Ai Teatri di Vita è da poco iniziata una rassegna sull'artista ispanoamericanofrancese Copi. Il suo vero nome era Raul Damonte Taborda, e ci teneva a ricordare che “D’Amonte è un nome italiano, un nome di Diano Marina (in provincia di Imperia), dove c’è ancora oggi un parrucchiere che si chiama D’Amonte e c’è della gente che mi assomiglia fisicamente. Il padre del padre di mio padre era italiano. Ma ho tre bisnonne indiane e una ebrea. Sono nato a Buenos Aires nel 1939. Però a 6 anni ero a Montevideo e poi a Parigi perché i miei erano esiliati politici”. A Parigi la fortuna arriva quasi subito, nel ‘65, quando la rivista americana “Twenty”, gli compra un disegno che aveva schizzato al “Café Deux Magots”, e glielo pubblica. A 28 anni avrà il suo primo successo teatrale con La journée d’une rêveuse. Nel giugno del ‘67 anche gli italiani cominciano a conoscerlo grazie a “Linus”, e ad amare la sua improbabile donna seduta con un nasone da “guinness dei primati”, ed il nevrotico pollastro con il quale si perdeva in dialoghi da Teatro dell’Assurdo, intervallati da silenzi insoliti, pesanti e pieni di attese e/o minacce.Copi faceva parte del gruppo “Tse” di artisti argentini emigrati a Parigi negli anni ‘60 e ‘70, ma più che a loro è a Wolinski, a Reiser, a Topor, che bisogna avvicinarlo, ed agli altrettanto feroci graffitisti del “Canard Enchainé”, di “Harakiri”, di “Charlie Hebdo”, mentre il suo teatro ha preso molto da Jonesco, Adamov e Beckett, soprattutto per l’incomunicabilità che lui, comunque, faceva risalire a Cecov perché “aveva introdotto sulla scena un tempo teatrale di silenzi”. Tra i suoi primi scritti non bisogna dimenticare le “biografie” di Santa Genoveffa (1966) e di Evita Perón (creata insieme al gruppo “Tse” nel 1969, e dove lui stesso recitò nel ruolo travestito della protagonista), e poi L’homosexuel ou la difficulté de s’exprimer ("L'omosessuale, o: La difficoltà di esprimersi”, 1971), Les quatre jumelles (1973), Frigo, Les escalier du Sacré-Coeur; La femme assise.Quest’ultima commedia, ovviamente ispirata dalla stessa “donna seduta” delle sue strisce, vive tra una sedia nella quale non riesce a star comoda per quanto è piccola, ed una vasca da bagno da dove gestisce la propria esistenza dialogando con l’immancabile pollo e, all’occasione, con lumache e topi (visto che “gli animali non tradiscono mai”), e con bambini e suorine uscite da chissà dove.
L'omosessuale, o: La difficoltà di esprimersi del 1971 è ambientata in una Siberia fantasmagorica, popolata da branchi di lupi, mute di cani da slitta, militari sovietici, prigionieri politici, cosacchi e transessuali, e altre improbabili figure.
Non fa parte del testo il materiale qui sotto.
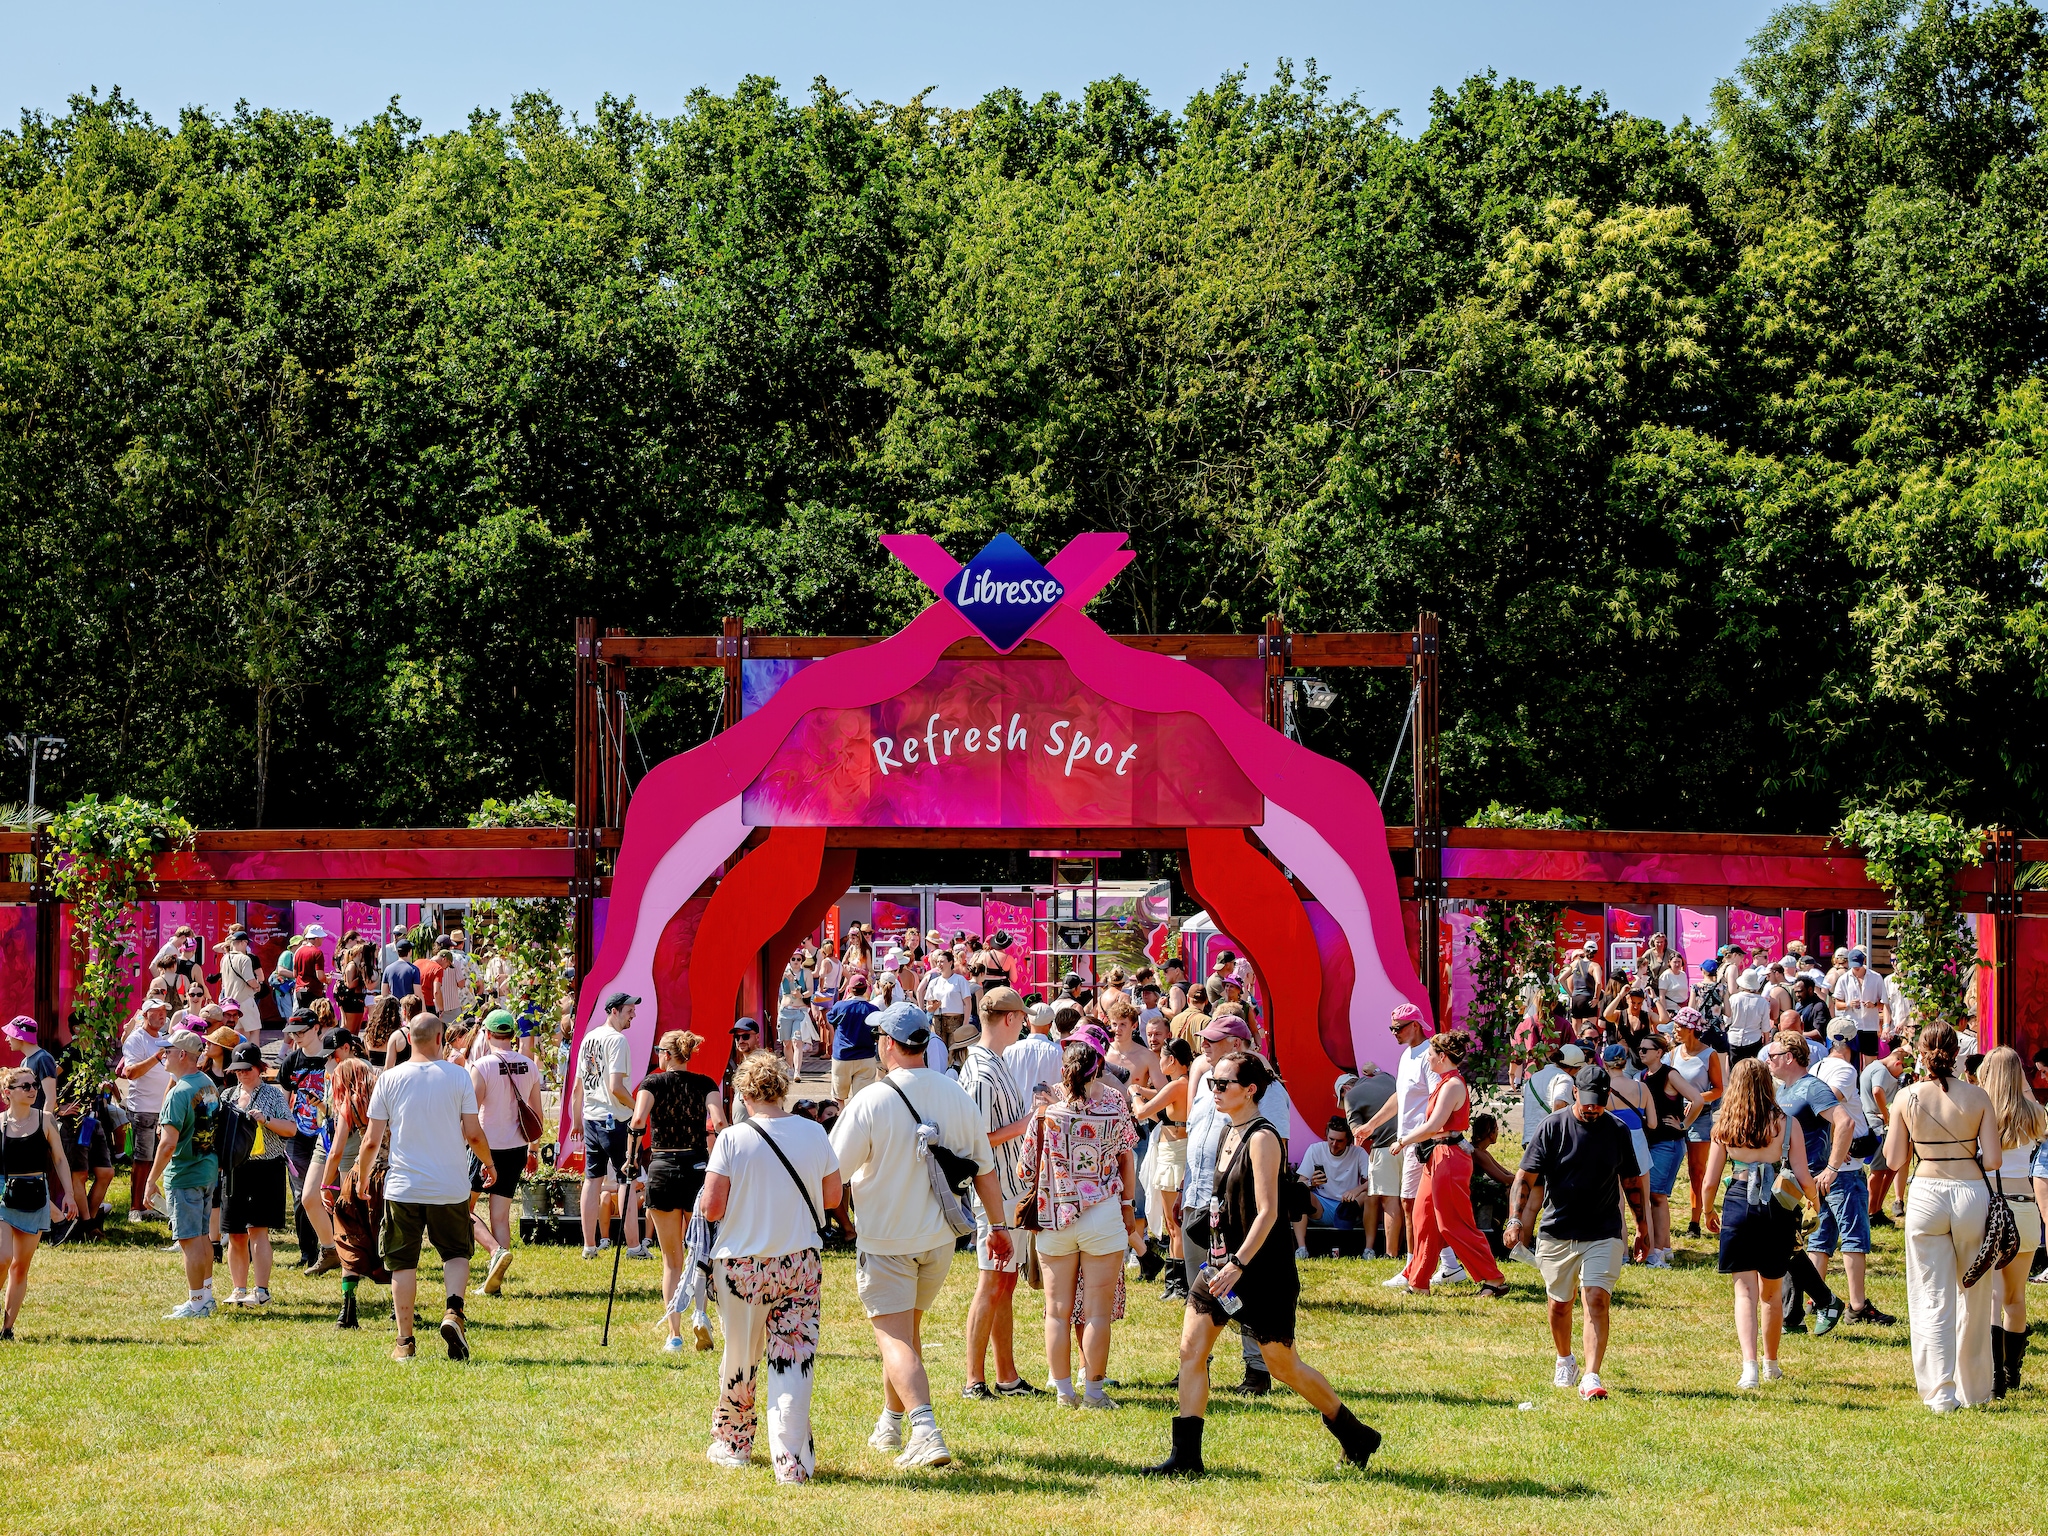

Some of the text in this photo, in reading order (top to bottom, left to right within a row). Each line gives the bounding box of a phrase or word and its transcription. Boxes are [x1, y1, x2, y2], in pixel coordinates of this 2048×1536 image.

[957, 568, 1060, 606] Libresse
[871, 713, 1138, 777] Refresh Spot
Un'inesauribile accavallarsi di colpi di scena portano allo stravolgimento di qualsiasi riferimento, a cominciare da quello sessuale. E' il trionfo del delirio che esplode in una graffiante comicità. Si ride di cose atroci, mentre il mondo alla deriva rappresentato in quella capanna nella steppa assomiglia sempre più al nostro mondo.
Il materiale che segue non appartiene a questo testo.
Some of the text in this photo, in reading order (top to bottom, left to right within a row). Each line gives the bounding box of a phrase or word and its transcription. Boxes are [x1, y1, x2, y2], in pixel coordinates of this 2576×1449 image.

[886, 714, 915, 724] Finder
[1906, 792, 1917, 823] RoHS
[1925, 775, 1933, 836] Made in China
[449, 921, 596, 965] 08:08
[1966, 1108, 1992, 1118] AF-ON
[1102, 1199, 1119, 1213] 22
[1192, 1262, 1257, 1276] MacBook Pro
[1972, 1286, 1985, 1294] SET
A portare in scena la commedia sono due compagnie unite in questa strana scommessa. Si tratta di Egumteatro, realtà tra le più irrequiete e visionarie della sperimentazione italiana abituata a confrontarsi con autori come Heiner Müller, e il Teatro Arsenale, di Milano, che da anni conduce un lavoro di ricerca nell'ambito della drammaturgia contemporanea. I registi Annalisa Bianco e Virginio Liberti hanno costruito una macchina spettacolare di beffarda ironia per evidenziare il lato più scanzonato ma anche più profondo del testo di Copi. Che non riguarda affatto l'omosessualità, come dice il titolo che è un depistaggio. Come ricordano i registi, infatti, "il titolo è già una trappola. Omosessuale o no, qui si parla della difficoltà di comunicare, si parla di vita, ovvero di amore, solitudine, paura di perdere le persone a cui vogliamo più bene. Temi che possono essere trattati in tv nei programmi più trash o intellettuali ma, come dice Copi, le parole non cambiano il mondo".
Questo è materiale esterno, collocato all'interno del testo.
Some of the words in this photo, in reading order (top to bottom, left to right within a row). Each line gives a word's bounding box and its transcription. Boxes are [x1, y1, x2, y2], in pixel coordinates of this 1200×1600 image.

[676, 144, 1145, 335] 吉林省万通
La strampalata storia di Irina e della Madre nella steppa, sempre in procinto di partire per un altrove che non esiste, mentre ricevono la visita di personaggi come loro senza senza un'identità e un sesso definitivi, è una vera cavalcata nella più sfrenata fantasia, arricchita qui di numerose invenzioni sceniche, che moltiplicano la comicità di Copi per descrivere con il sorriso l'umanità lacerata dei nostri tempi.

SABATO LA PROSSIMA "EVA PERON" regia Marcial Di Fonzo Bo con la collaborazione di Bruno Geslin con Marcial Di Fonzo Bo, Jean Jacques Le Vessier, Pierre Maillet, Rodolfo de Souza, ed Elisa Vigier. Chi viene???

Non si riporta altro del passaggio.